What you have to do: Print out all of the records exactly; no picture belongs in the result.

Source information:
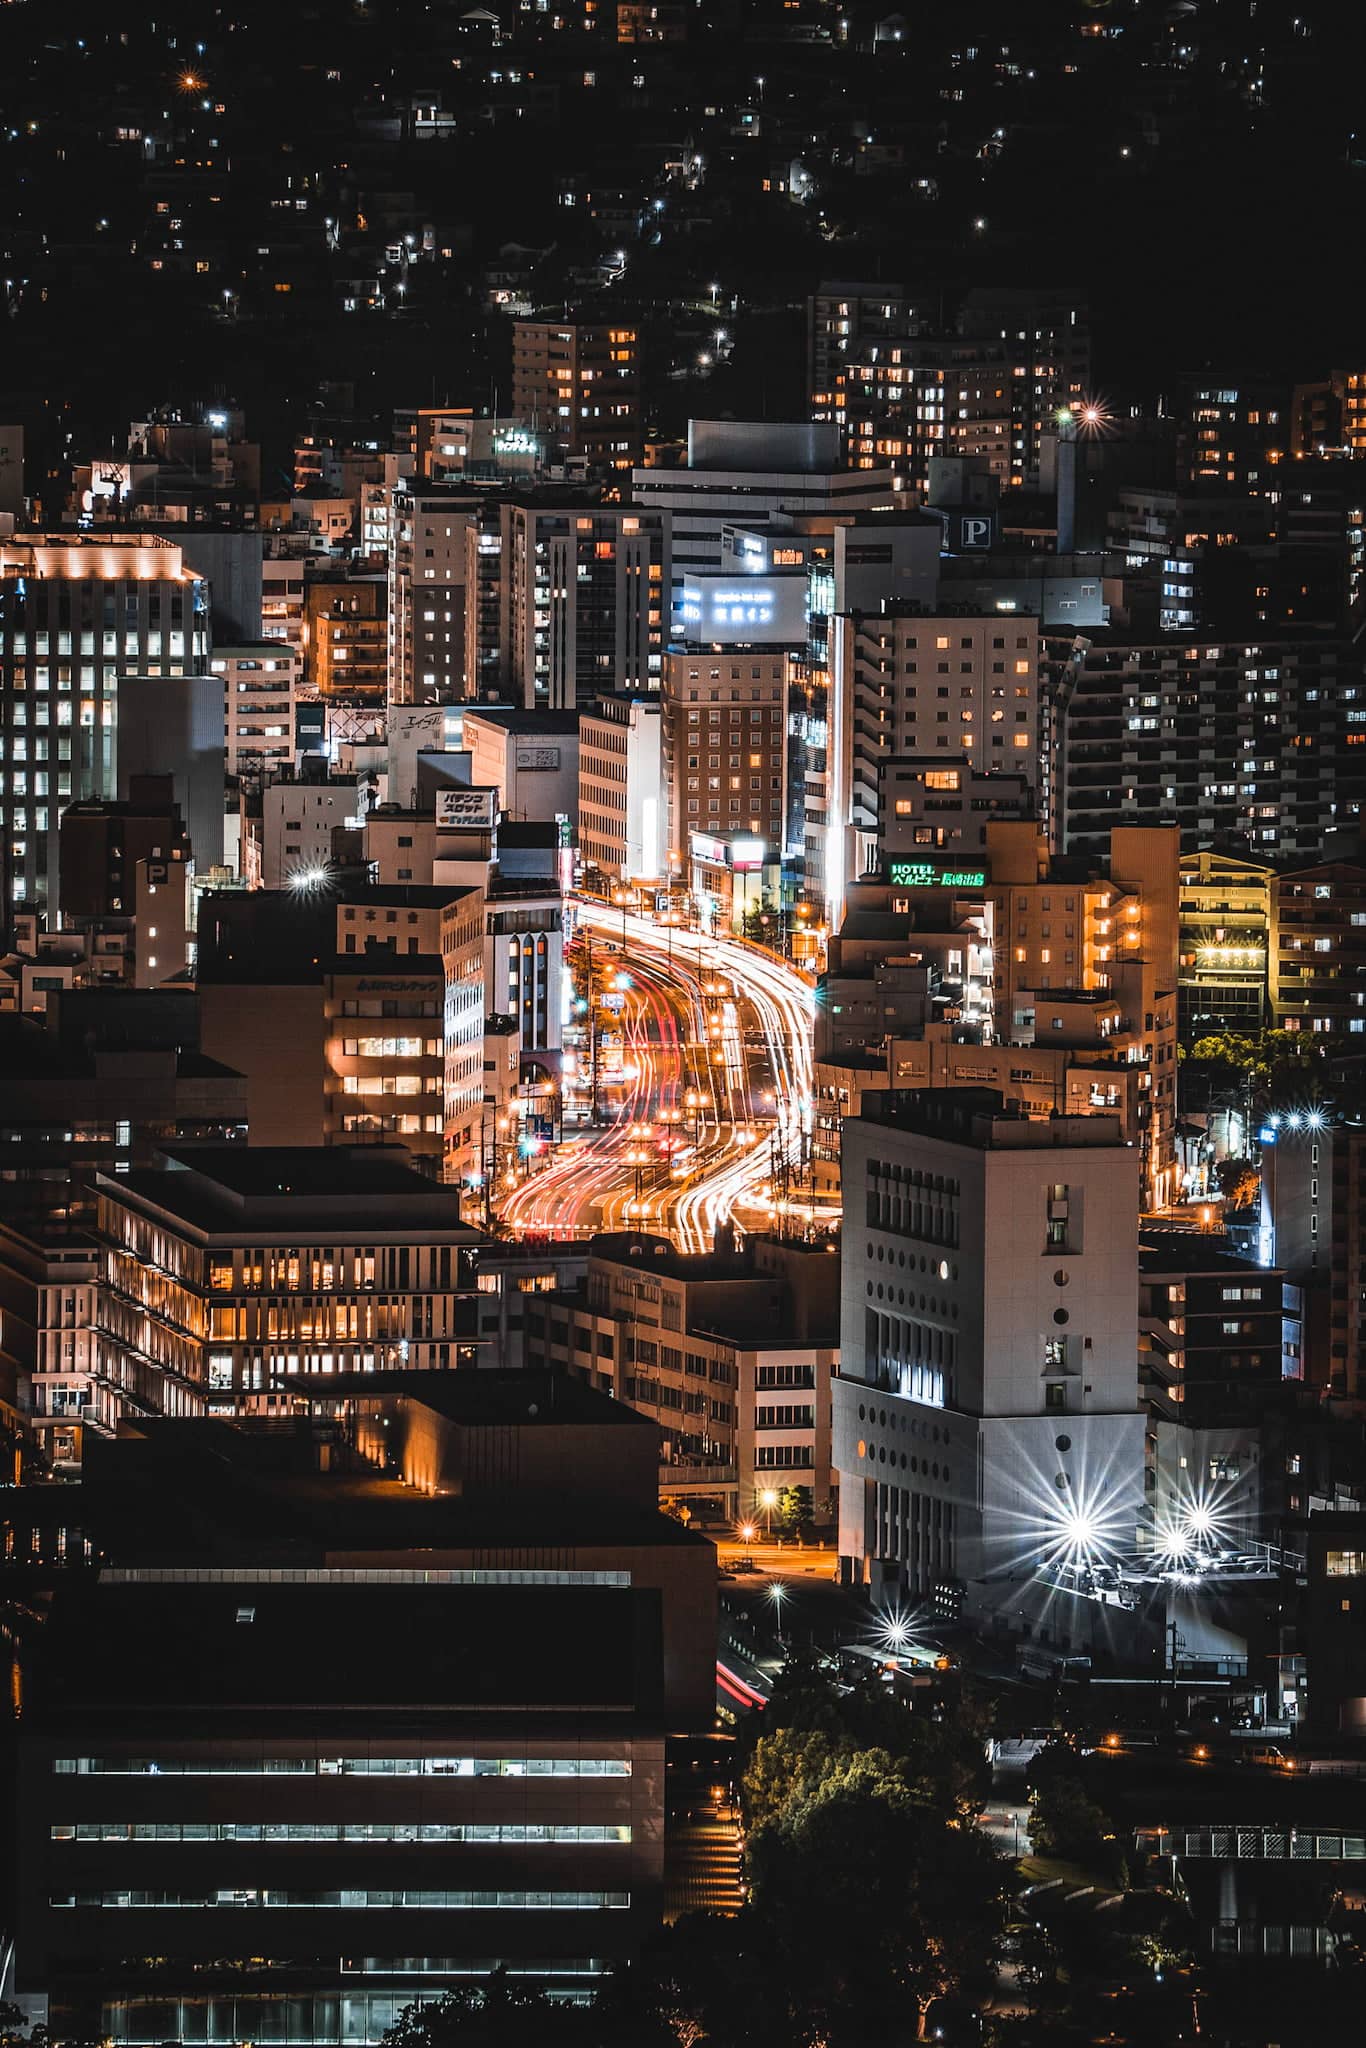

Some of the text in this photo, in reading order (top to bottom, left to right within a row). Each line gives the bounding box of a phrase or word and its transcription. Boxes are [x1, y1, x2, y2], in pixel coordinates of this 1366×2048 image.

[965, 520, 986, 545] P
[444, 793, 484, 803] パチンコ
[444, 804, 483, 813] スロット
[149, 865, 166, 883] P
[892, 865, 935, 875] HOTEL

Solution to the problem:
Some of the text in this photo, in reading order (top to bottom, left to right within a row). Each line gives the bounding box of a phrase or word and its transcription. Boxes are [x1, y1, x2, y2], in pixel coordinates of this 1366×2048 image.

[965, 520, 986, 545] P
[444, 793, 484, 803] パチンコ
[444, 804, 483, 813] スロット
[149, 865, 166, 883] P
[892, 865, 935, 875] HOTEL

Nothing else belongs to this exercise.